I was being told about five small villages, spread on mountain hills somewhere, overlooking the sea. It almost sounded like a fairy tale land forgotten in time. In order to find my way there, I needed names – speaking to some Italians I easily reached my goal – Cinque Terre ( The Five Lands in translation). Apparently, it is a very famous tourist destination, which kind of killed my enthusiasm. Tourists tend to ruin that special atmosphere, like turning magic into a simple trick, performed on the street for money. Fake! Reconstructions, English translation, directions, overpriced restaurants, souvenir shops around every corner and overcrowded loudness! Noise intercepting the vintage music, leaving behind just the echo of beauty…
The journey begins!
But I decided to give it a try. I was already in Italy, so – half-way there! Cinque Terre is located in Liguria, just a few hours away from Milan with a train. You can start your journey from La Spezia, buy a special train pass to go between villages – which takes 5 minutes a ride or do hiking instead. Cars are unable to reach the villages fortunately.With a friend of mine, we decided to act differently – take a Blabla car to Santa Margherita – from there, first stop – Portofino and then – Cinque Terre. We weren’t sure if a day trip would be enough to see everything and most importantly – to enjoy it, without being in a constant rush, pressured by time ( this is not the Italian style I was talking about ).
We arrived in Santa Margherita – the sun welcomed us with a gentle touch. Il tempo bellissimo!! We took the bus to Portofino – a little piece of heaven, which fully incarnates the famous song – “Love in Portofino”. On our way back, we decided to walk instead – the road was as small, along the coast line with a breath-taking view alongside. An amazing decision, which costed us a missed train to Monterosso – the first out of the five villages. This was already a huge delay in our time schedule, but it was still a doable single-day plan. But the next mistake made it clear that the one-day trip is impossible – we took the wrong train. I was never keen on planning, as Murphy’s law stated – “Anything that can go wrong, will go wrong”.

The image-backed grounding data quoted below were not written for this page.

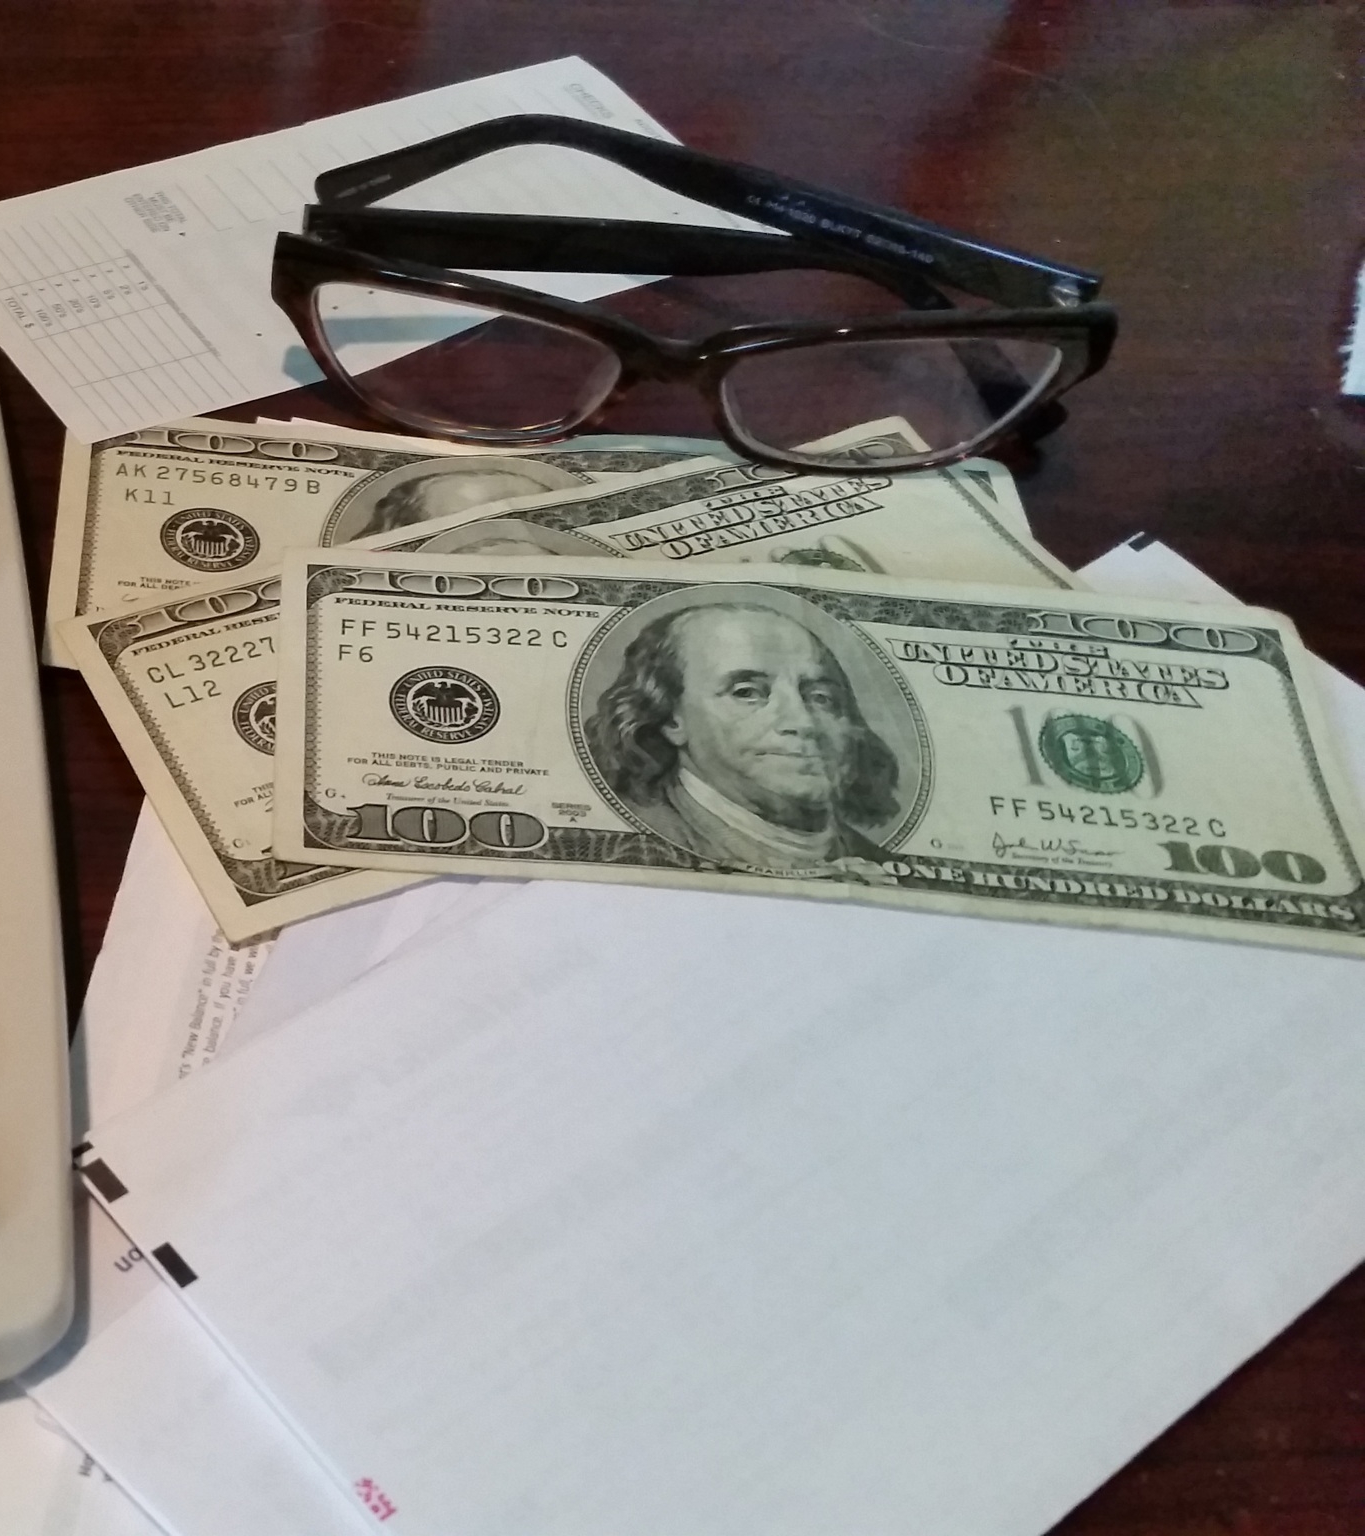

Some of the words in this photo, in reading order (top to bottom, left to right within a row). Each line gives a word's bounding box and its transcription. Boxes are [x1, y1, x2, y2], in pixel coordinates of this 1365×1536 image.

[5, 297, 26, 320] TOTAL
[116, 450, 205, 464] FEDERAL
[209, 456, 300, 472] RESERVE
[304, 467, 355, 478] NOTE
[610, 503, 755, 550] UNITED
[754, 476, 893, 520] STATES
[343, 571, 580, 599] 100
[335, 597, 431, 611] FEDERAL
[435, 603, 537, 614] RESERVE
[542, 608, 600, 618] NOTE
[131, 628, 221, 657] FEDERAL
[386, 622, 543, 646] 54215322
[1027, 610, 1259, 656] 100
[338, 644, 374, 663] F6
[885, 638, 1059, 673] UNITED
[1061, 656, 1229, 690] STATES
[164, 680, 222, 709] L12
[404, 670, 443, 688] UNITED
[447, 671, 481, 692] STATES
[994, 671, 1203, 709] AMERICA
[421, 727, 472, 740] RESERVE
[347, 757, 368, 765] FOR
[371, 758, 392, 766] ALL
[436, 763, 477, 772] PUBLIC
[480, 766, 505, 774] AND
[506, 767, 549, 777] PRIVATE
[371, 752, 396, 760] THIS
[399, 754, 428, 762] NOTE
[444, 757, 479, 765] LEGAL
[482, 759, 524, 767] TENDER
[346, 804, 549, 851] 100
[1038, 801, 1200, 837] 54215322
[1157, 841, 1327, 885] 100
[883, 861, 965, 883] ONE
[972, 871, 1169, 901] HUNDRED
[1173, 887, 1355, 921] DOLLARS
[222, 955, 238, 978] have
[218, 980, 234, 999] you

We managed our way to Monterosso in the late afternoon – after travelling without tickets and almost getting kicked out of the train. Now the challenge was to find a place to sleep. Online everything was already booked of course, so I decided to try the old-fashioned way of asking locals for an available bed. It was quite the experience – with limited language capabilities on both sides and being sent to different people around the whole village – it felt like a chain quest that you have in those role-playing games. At some point we lost all hope and I was also “in case” looking for comfortable benches. But in the end, when the sun was already down and the coldness was creeping in with all hope lost, we were lucky to find a very cozy little room, very simple with a presence of a moist smell in the air. It was a perfect safe haven. For dinner we had a magnificent frutti di mare pasta – in Italy whenever you are on the coast, sea food dishes are a must! Bed was the next destination. The next morning we woke up early, followed the instructions of the owner – left the key to the room in a random store(Italians are very chill as I mentioned) and began exploring the rest of the villages.

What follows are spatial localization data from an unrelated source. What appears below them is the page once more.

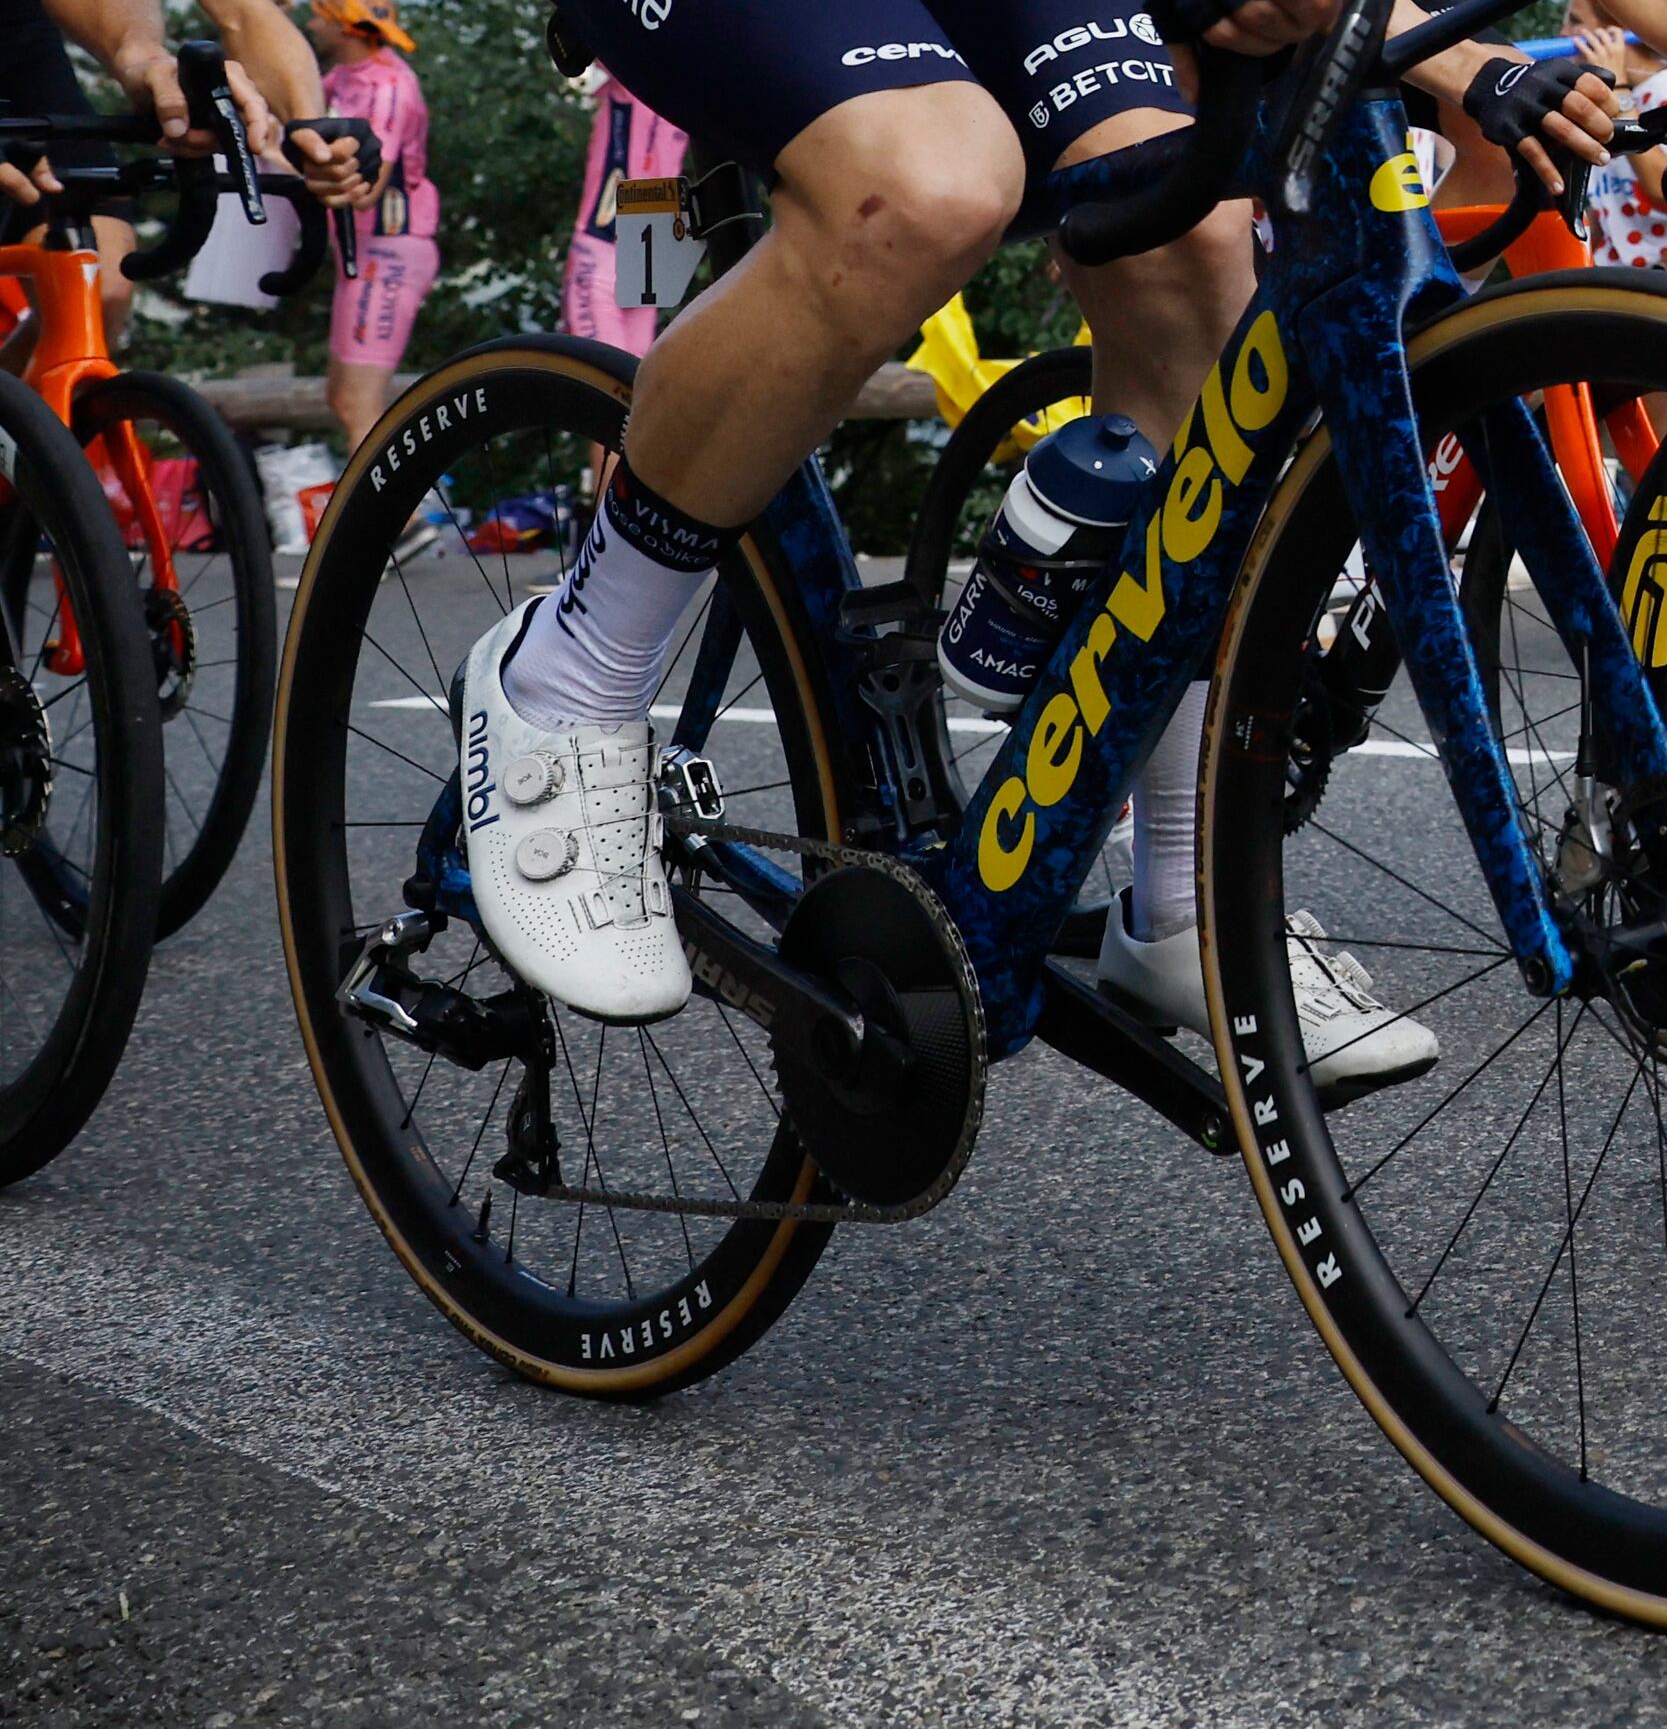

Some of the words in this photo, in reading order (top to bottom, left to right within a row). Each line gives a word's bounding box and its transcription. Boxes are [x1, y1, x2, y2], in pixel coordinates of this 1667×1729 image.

[1023, 16, 1128, 76] AGU
[616, 180, 668, 210] Continental
[640, 223, 657, 306] 1
[370, 386, 491, 493] RESERVE
[635, 498, 720, 551] VISMA
[978, 310, 1289, 893] cervélo
[467, 708, 500, 834] nimbl
[1233, 1011, 1342, 1290] RESERVE
[581, 1279, 713, 1359] RESERVE

My overview of Cinque Terre is truly italian, meaning – small paved curvy streets, where you can barely pass, when there are more than two people, little vintage houses in different bright pastel colors, fat cats passing by and flowers… flowers on every window, along the streets, welcoming the sun kisses. The smell of the sea, the sound of the espresso cups gently landing on the table, the murmur of italians speaking and… tourists. Yes, indeed tourist ruin a bit the atmosphere, they are way too many unfortunately. If you are able to ignore their presence, you could find the peculiarity. Usually they are roaming around the village center, so going uphill is the solution. The view is better and you can enjoy the melody of the mentioned italian beauty, reflected in the sweet, sweet silence of calmness. Time stops and you find yourself alone, able to satisfy your hungry senses.

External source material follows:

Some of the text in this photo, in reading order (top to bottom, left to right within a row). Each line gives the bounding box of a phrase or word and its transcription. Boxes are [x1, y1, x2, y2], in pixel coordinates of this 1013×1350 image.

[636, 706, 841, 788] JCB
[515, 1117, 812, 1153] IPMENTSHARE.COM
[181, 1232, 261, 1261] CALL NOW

We traveled between the villages with the train and just between Manarola and Riomaggiore we took the hiking path. It is an easy path with labels stating the distance till the next village and a rewarding view – an endless sea on one side and green mountain hills on the other. Nothing else.
We took the train back to Milan from La Spezia. In the train I was evaluating my little adventure and honestly I’m happy that I visited this fairy tale lands, because indeed it is plagued by “touristisation”, but still there is part of the fading beauty worth seeing. The peculiarity was well hidden – between the crumbling walls of the pastel houses, in the calm way the locals served tourists with smiles on their faces, in the way the old italian ladies were sunbathing on their flowery terraces, in the insignificance of time – you just have to pay attention.
P.S. Everything is better with a glass of wine.